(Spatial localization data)
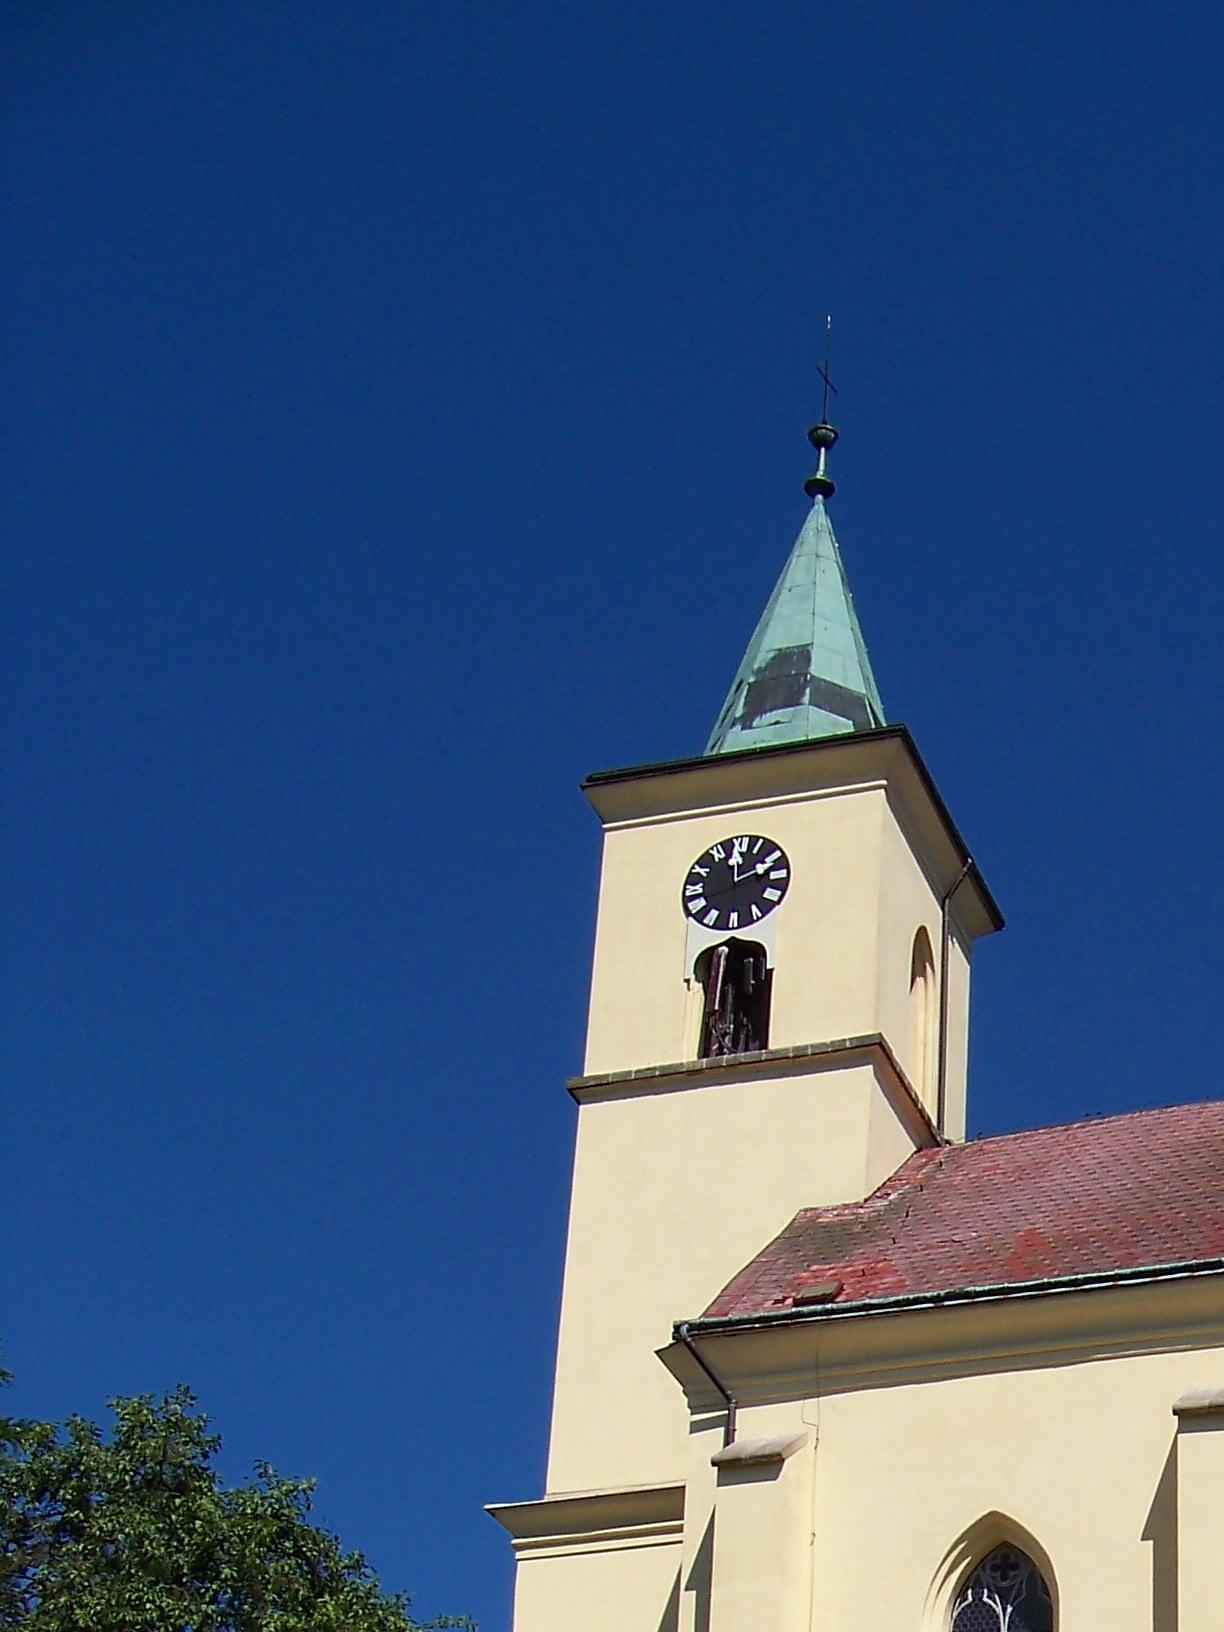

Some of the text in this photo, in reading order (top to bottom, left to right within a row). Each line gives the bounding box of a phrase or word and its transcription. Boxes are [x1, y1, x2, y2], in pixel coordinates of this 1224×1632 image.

[709, 845, 726, 862] XI
[753, 839, 764, 853] I
[692, 865, 710, 876] X
[686, 883, 703, 896] IX
[751, 904, 761, 920] V
[729, 912, 738, 928] VI
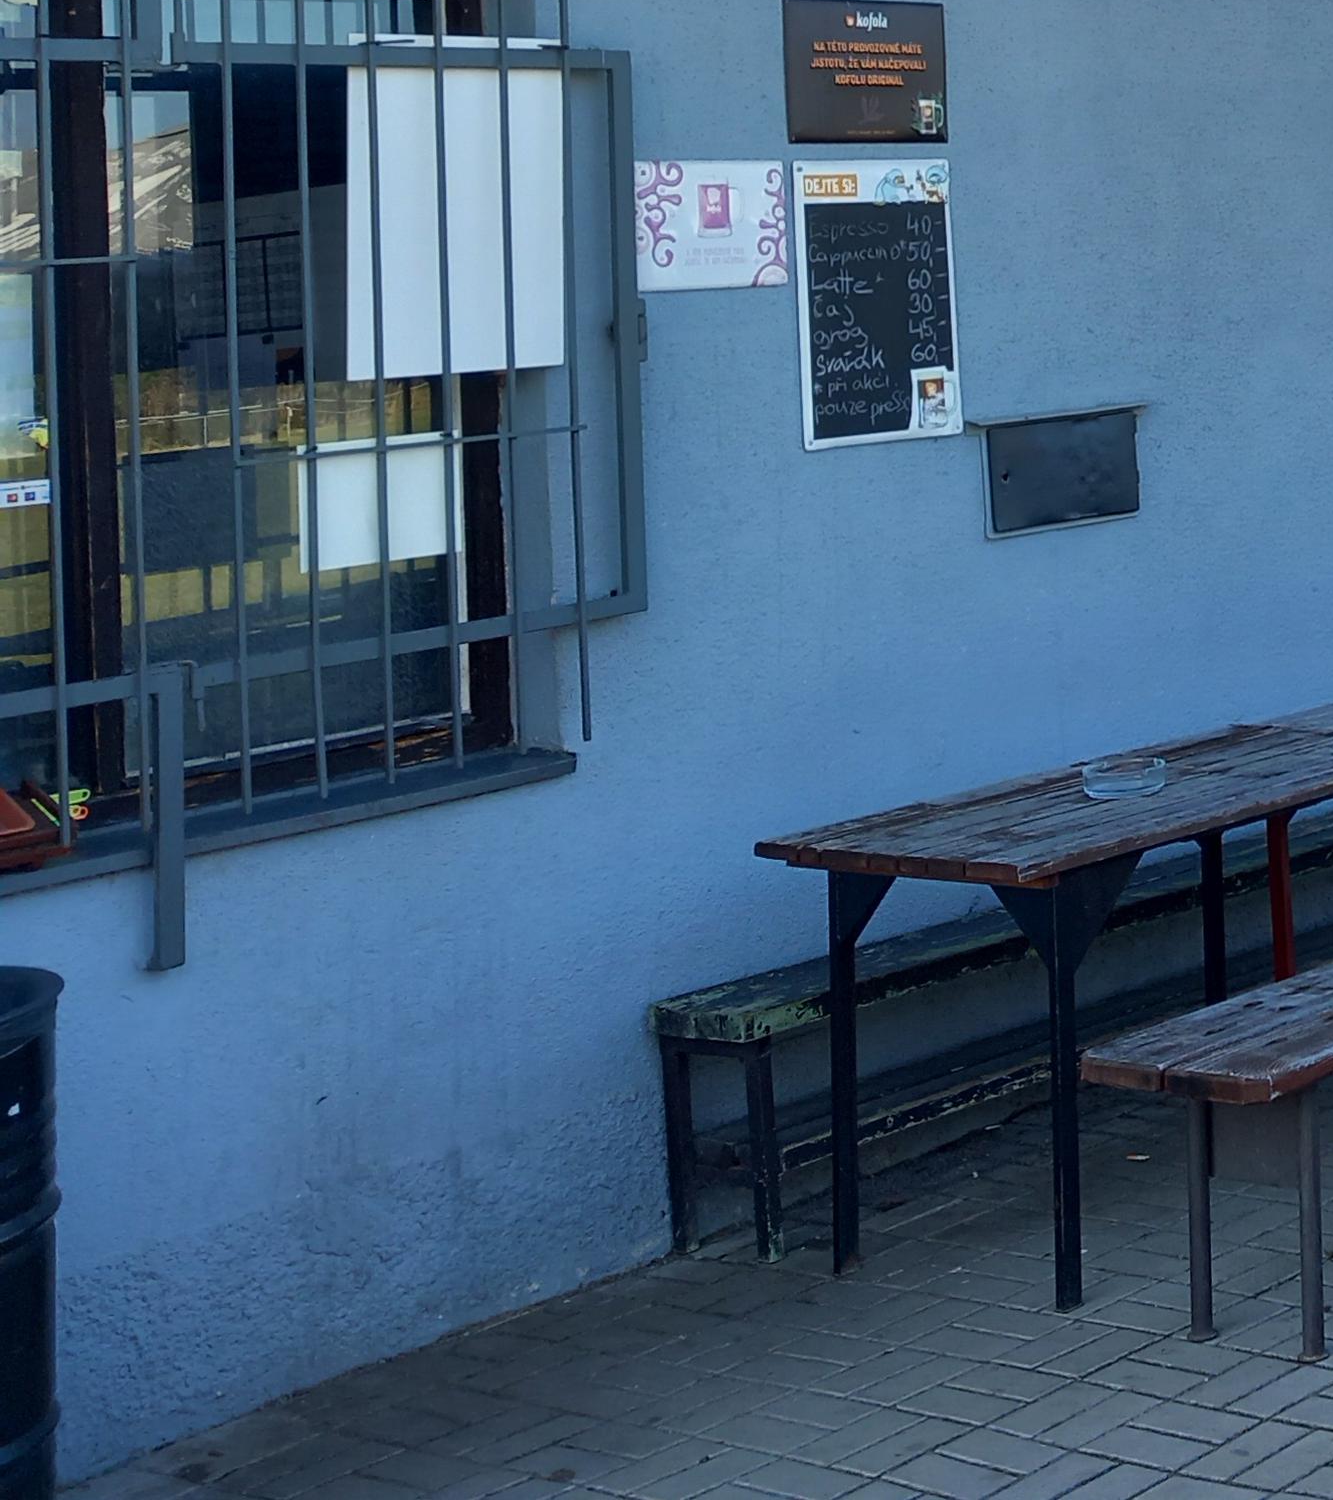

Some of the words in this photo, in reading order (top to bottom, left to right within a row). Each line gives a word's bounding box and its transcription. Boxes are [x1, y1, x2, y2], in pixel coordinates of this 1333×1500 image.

[856, 11, 888, 31] kofola
[835, 74, 866, 86] KOFOLU
[804, 177, 840, 195] DEJTE
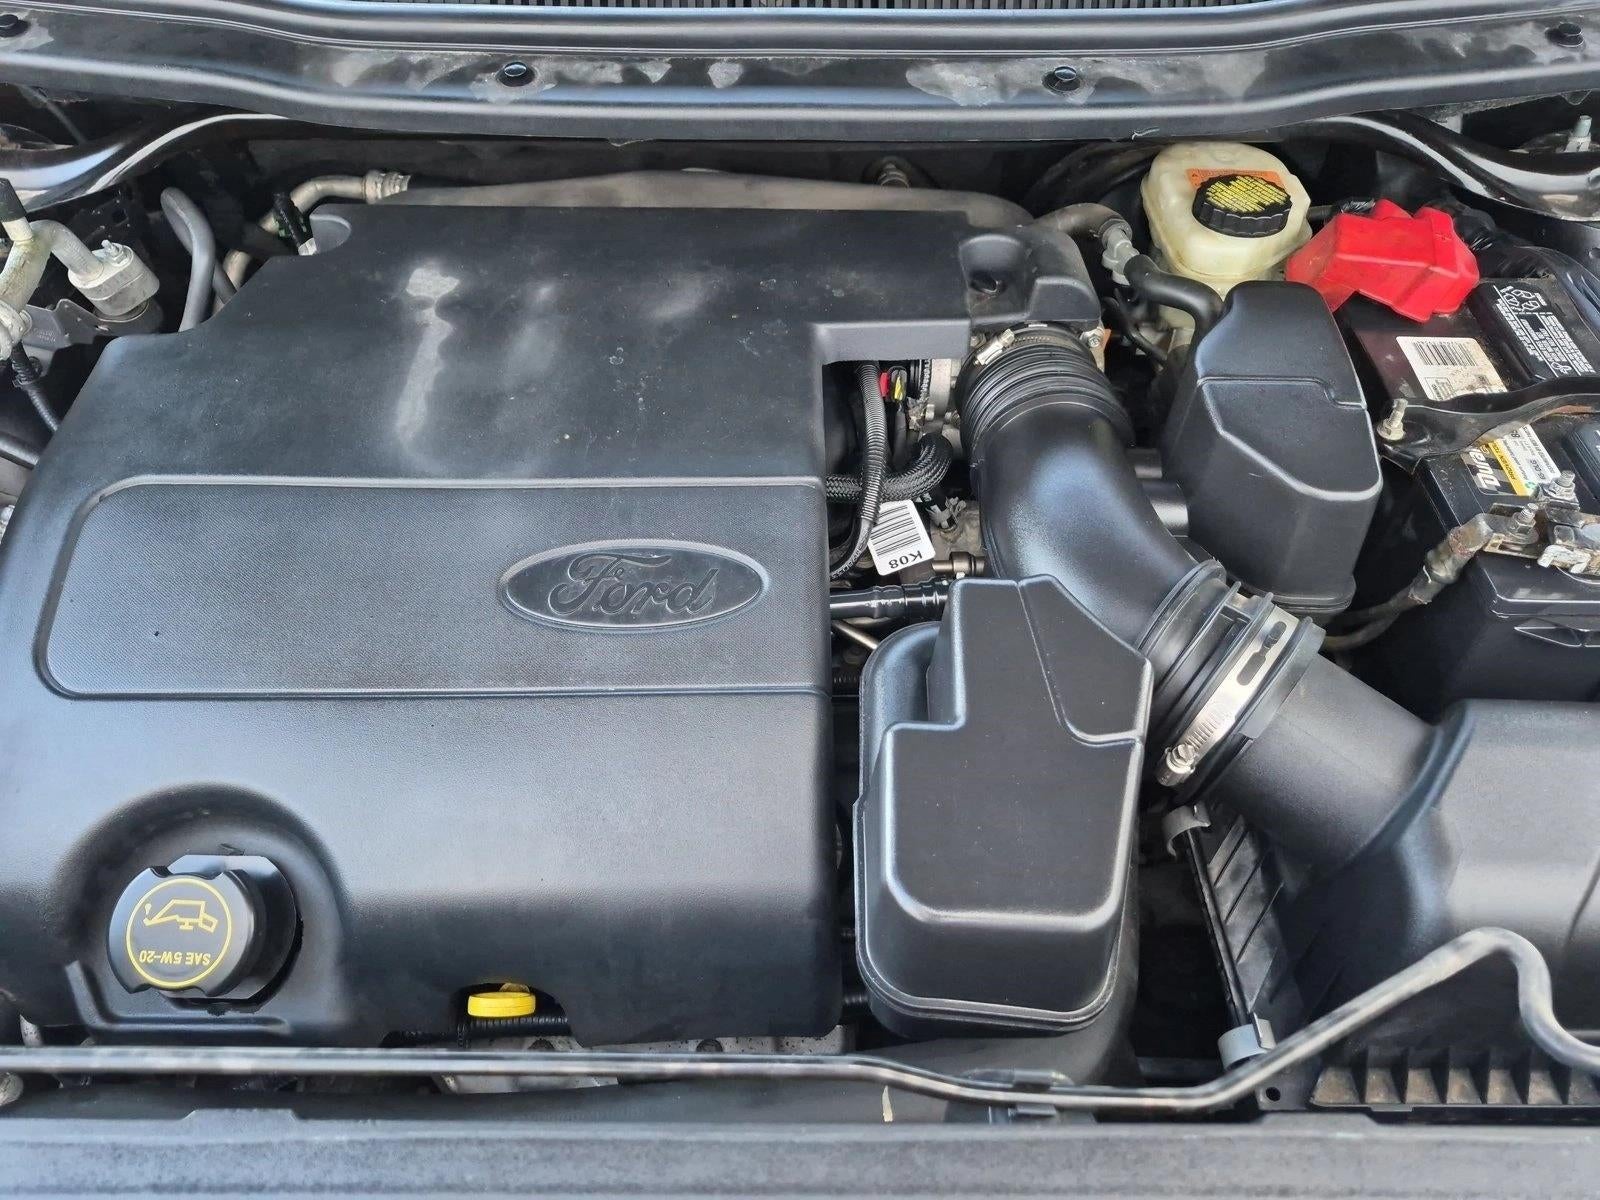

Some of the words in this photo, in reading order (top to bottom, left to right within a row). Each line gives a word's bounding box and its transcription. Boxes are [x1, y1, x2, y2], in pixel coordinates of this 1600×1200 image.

[889, 550, 922, 569] K08
[548, 553, 719, 615] Ford
[139, 949, 182, 965] 5W-20
[185, 951, 211, 966] SAE

> _TASK DESCRIPTION_:
Go back to the line containing "this 1333×1500 image." and output it and every line after it through the end of the records, exactly, but not the pictures.

> _ANSWER TO THE EXERCISE_:
Some of the words in this photo, in reading order (top to bottom, left to right within a row). Each line gives a word's bounding box and its transcription. Boxes are [x1, y1, x2, y2], in pixel coordinates of this 1333×1500 image.

[856, 11, 888, 31] kofola
[835, 74, 866, 86] KOFOLU
[804, 177, 840, 195] DEJTE

Some of the words in this photo, in reading order (top to bottom, left to right within a row). Each line gives a word's bounding box and its transcription. Boxes are [x1, y1, x2, y2], in pixel coordinates of this 1600×1200 image.

[889, 550, 922, 569] K08
[548, 553, 719, 615] Ford
[139, 949, 182, 965] 5W-20
[185, 951, 211, 966] SAE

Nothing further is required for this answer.